1)Un univers agrandi
En 1946, Spirou passe des mains de Jijé dans celles d’André Franquin. Formé par Jijé, Franquin s’approprie Spirou comme aucun avant lui. L’univers qu’il développe devient très rapidement le socle de référence de ses futures aventures : comment imaginer aujourd’hui Spirou sans le comte de Champignac, sans le mégalomane Zorglub, sans la délicieuse Seccotine, ou encore en le privant du château de Champignac, de la Turbotraction et du Marsupilami ? Le Marsupilami apparait pour la première fois dans l’épisode Spirou et les héritiers. Il n’est alors qu’une idée passagère. Franquin dira lui-même s’être inspiré du petit animal Pilou-Pilou, inventé par Segar dans les pages de Popeye.
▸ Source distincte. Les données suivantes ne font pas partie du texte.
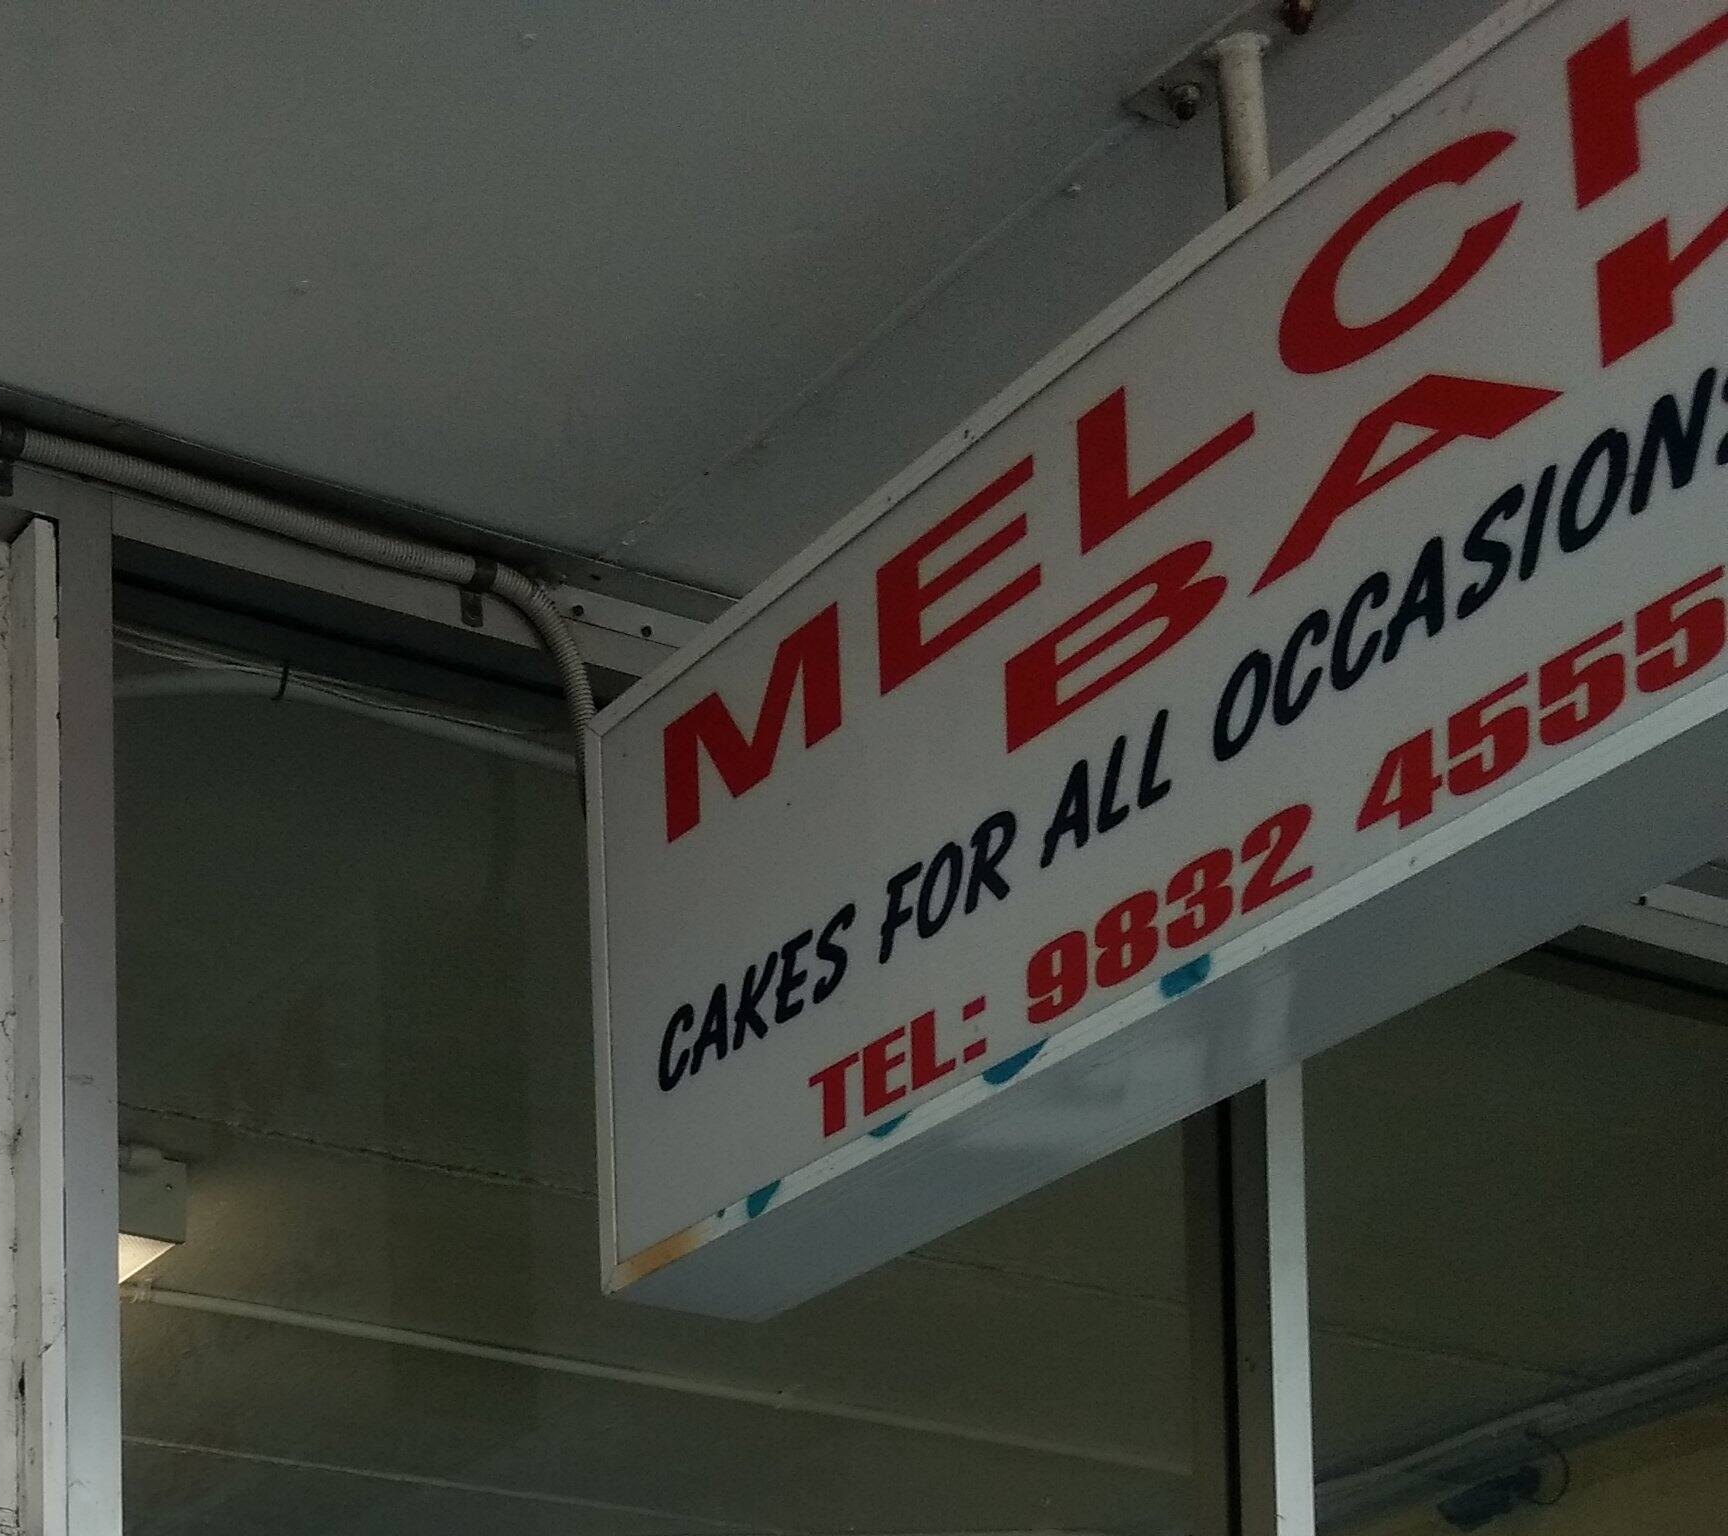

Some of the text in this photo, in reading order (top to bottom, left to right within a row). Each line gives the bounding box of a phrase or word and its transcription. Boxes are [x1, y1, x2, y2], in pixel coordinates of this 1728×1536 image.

[658, 366, 1728, 1092] CAKES FOR ALL OCCASION
[808, 564, 1727, 1138] TEL: 9832 4555
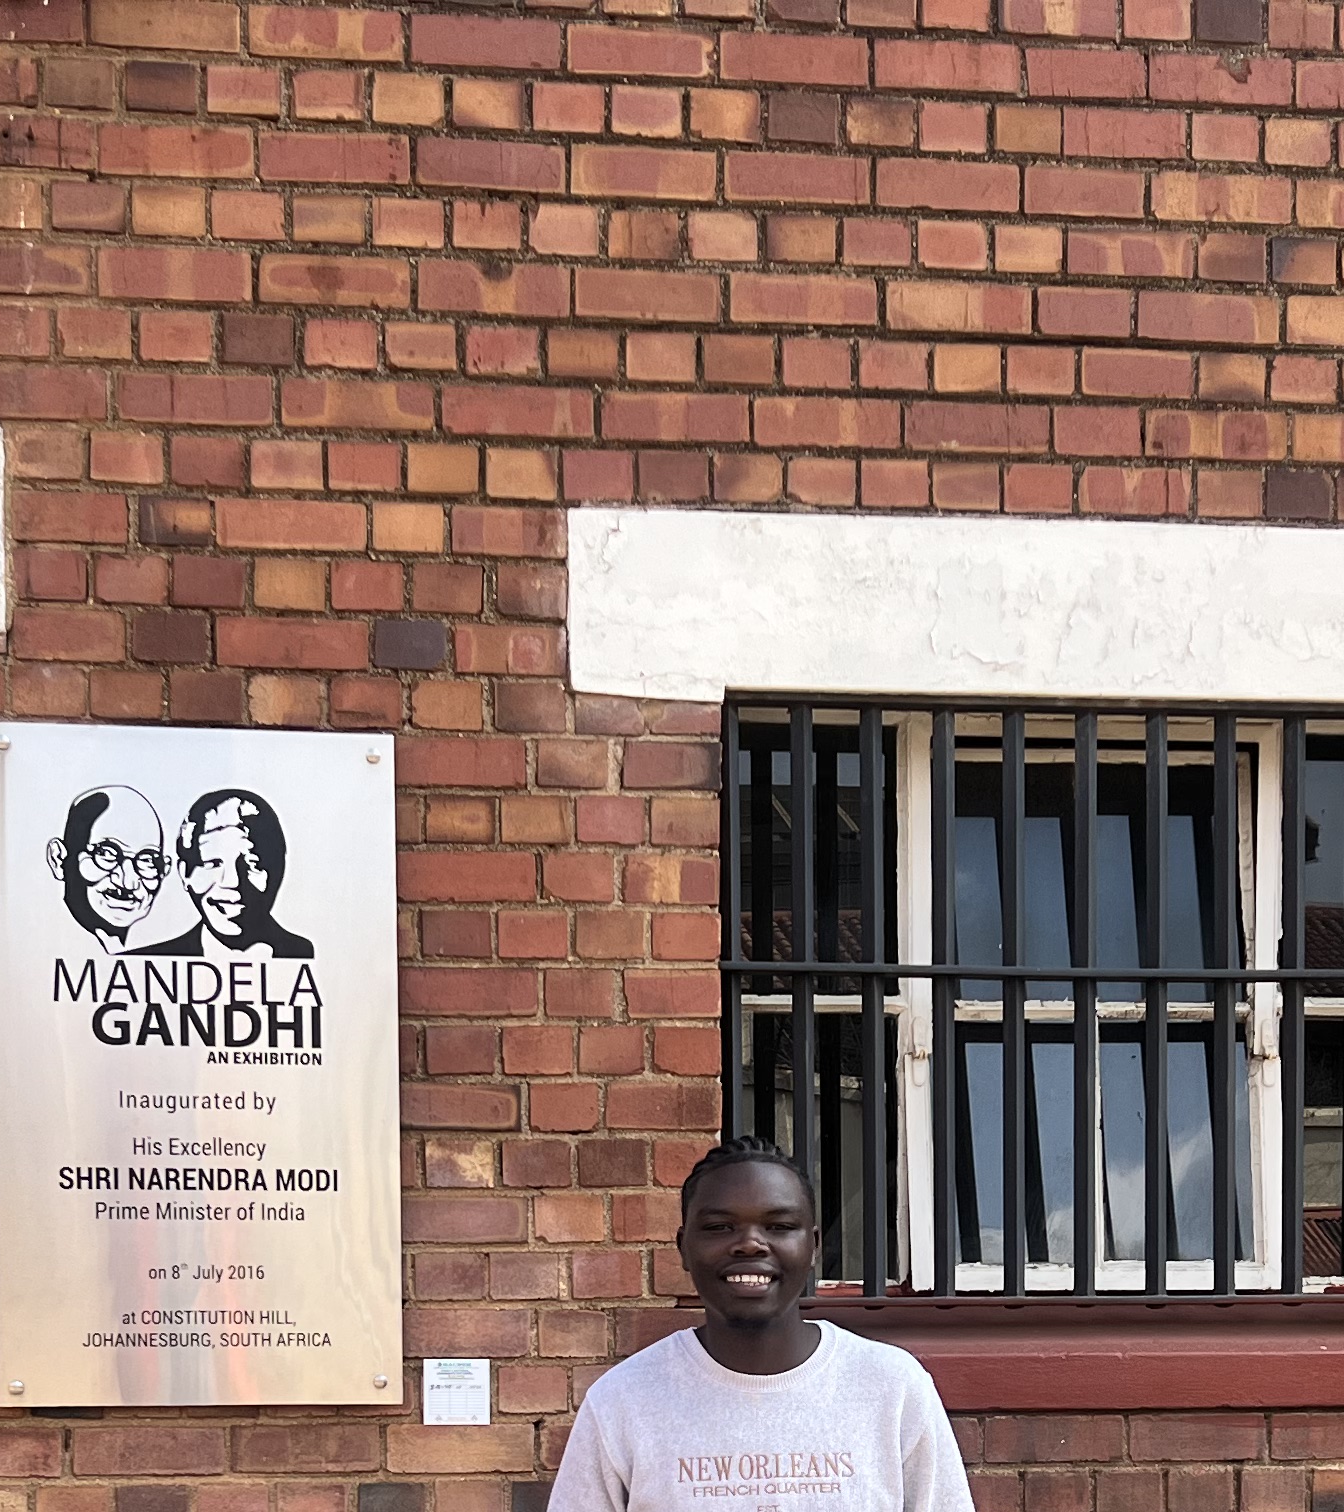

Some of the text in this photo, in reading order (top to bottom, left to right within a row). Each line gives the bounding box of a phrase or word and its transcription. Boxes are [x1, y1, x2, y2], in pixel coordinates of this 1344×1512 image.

[53, 958, 323, 1007] MANDELA
[92, 1001, 322, 1049] GANDHI
[207, 1052, 322, 1066] AN EXHIBITION
[119, 1090, 276, 1115] Inaugurated by
[133, 1137, 267, 1161] His Excellency
[58, 1166, 339, 1192] SHRI NARENDRA MODI
[95, 1201, 306, 1221] Prime Minister of India
[148, 1268, 167, 1280] on
[193, 1265, 223, 1283] July
[228, 1265, 265, 1280] 2016
[122, 1310, 297, 1327] at CONSTITUTION HILL,
[83, 1332, 332, 1349] JOHANNESBURG, SOUTH AFRICA
[677, 1452, 856, 1483] NEW ORLEANS
[693, 1482, 842, 1498] FRENCH QUARTER
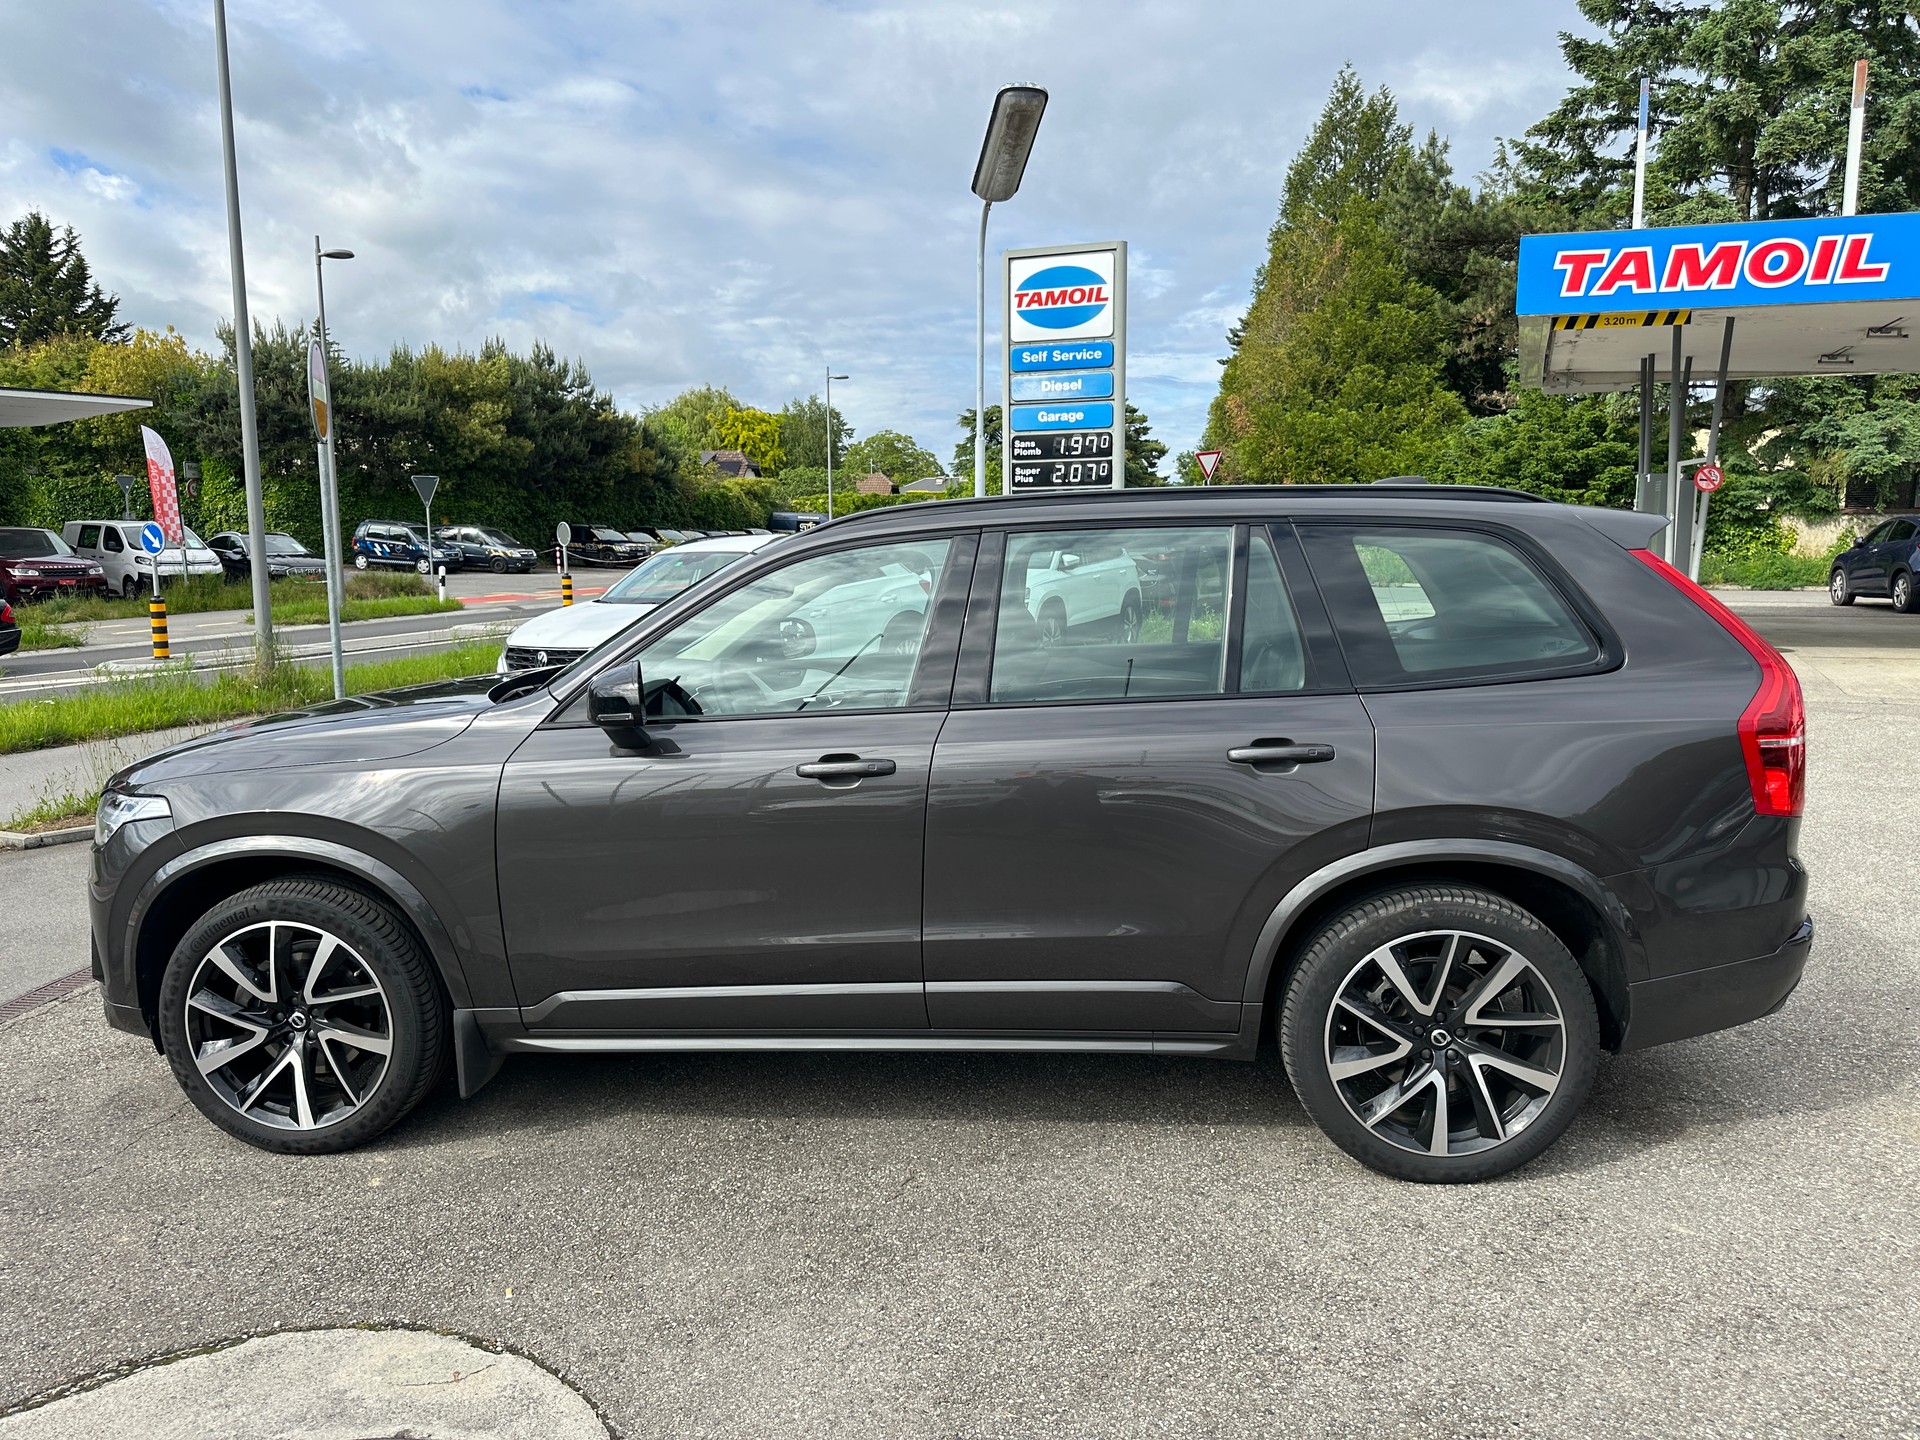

Il remporte très rapidement l’adhésion des lecteurs de Spirou, et Franquin n’a d’autre alternative que d’en faire un sociétaire de la série.
2)L’au revoir à Spirou
Malgré son apport prodigieux à la série, Franquin ne se sentira jamais vraiment à l’aise avec un personnage qu’il n’a pas créé, et décidera de l’abandonner en 1968. Franquin cède aux éditions Dupuis tous les personnages de Spirou sauf le Marsupilami. Lorsque Fournier reprend Spirou, Franquin lui prête son animal fétiche le temps d’une histoire, afin que la transition se fasse en douceur… mais il ne peut s’empêcher de le dessiner lui-même dans les pages. Après avoir exécuté quelques pirouettes dans Le Faiseur d’or, le marsupilami s’éclipse définitivement de la série. Son créateur rêve d’en faire un personnage autonome mais ne parviendra jamais à réaliser ce projet, trop accaparé par le succès de Gaston Lagaffe. Il en dessine juste quelques petites histoires éparses au fil des années.
3)Le retour du Marsu
Il faut attendre 1987 et l’entrée en scène de l’homme d’affaire monégasque Jean-François Moyersoen pour relancer ses aventures dessinées. Ce dernier convainc André Franquin de lui céder les droits du marsupilami, ainsi que ceux de Gaston Lagaffe. C’est en octobre 1987 que parait La Queue du marsupilami, dessiné par Batem et scénarisé par Greg, sous le label Marsu Productions. Franquin en est évidemment le maitre d’œuvre. Le succès est immédiat. Les albums s’enchainent, tout comme leurs scénaristes. Franquin, lui, s’éloigne rapidement de leur réalisation et laisse Batem poursuivre seul l’aventure. En avril 2013, Marsu Productions revend les droits du personnage, ainsi que ceux de Gaston Lagaffe, aux éditions Dupuis, qui célèbrent les 75 ans de Spirou.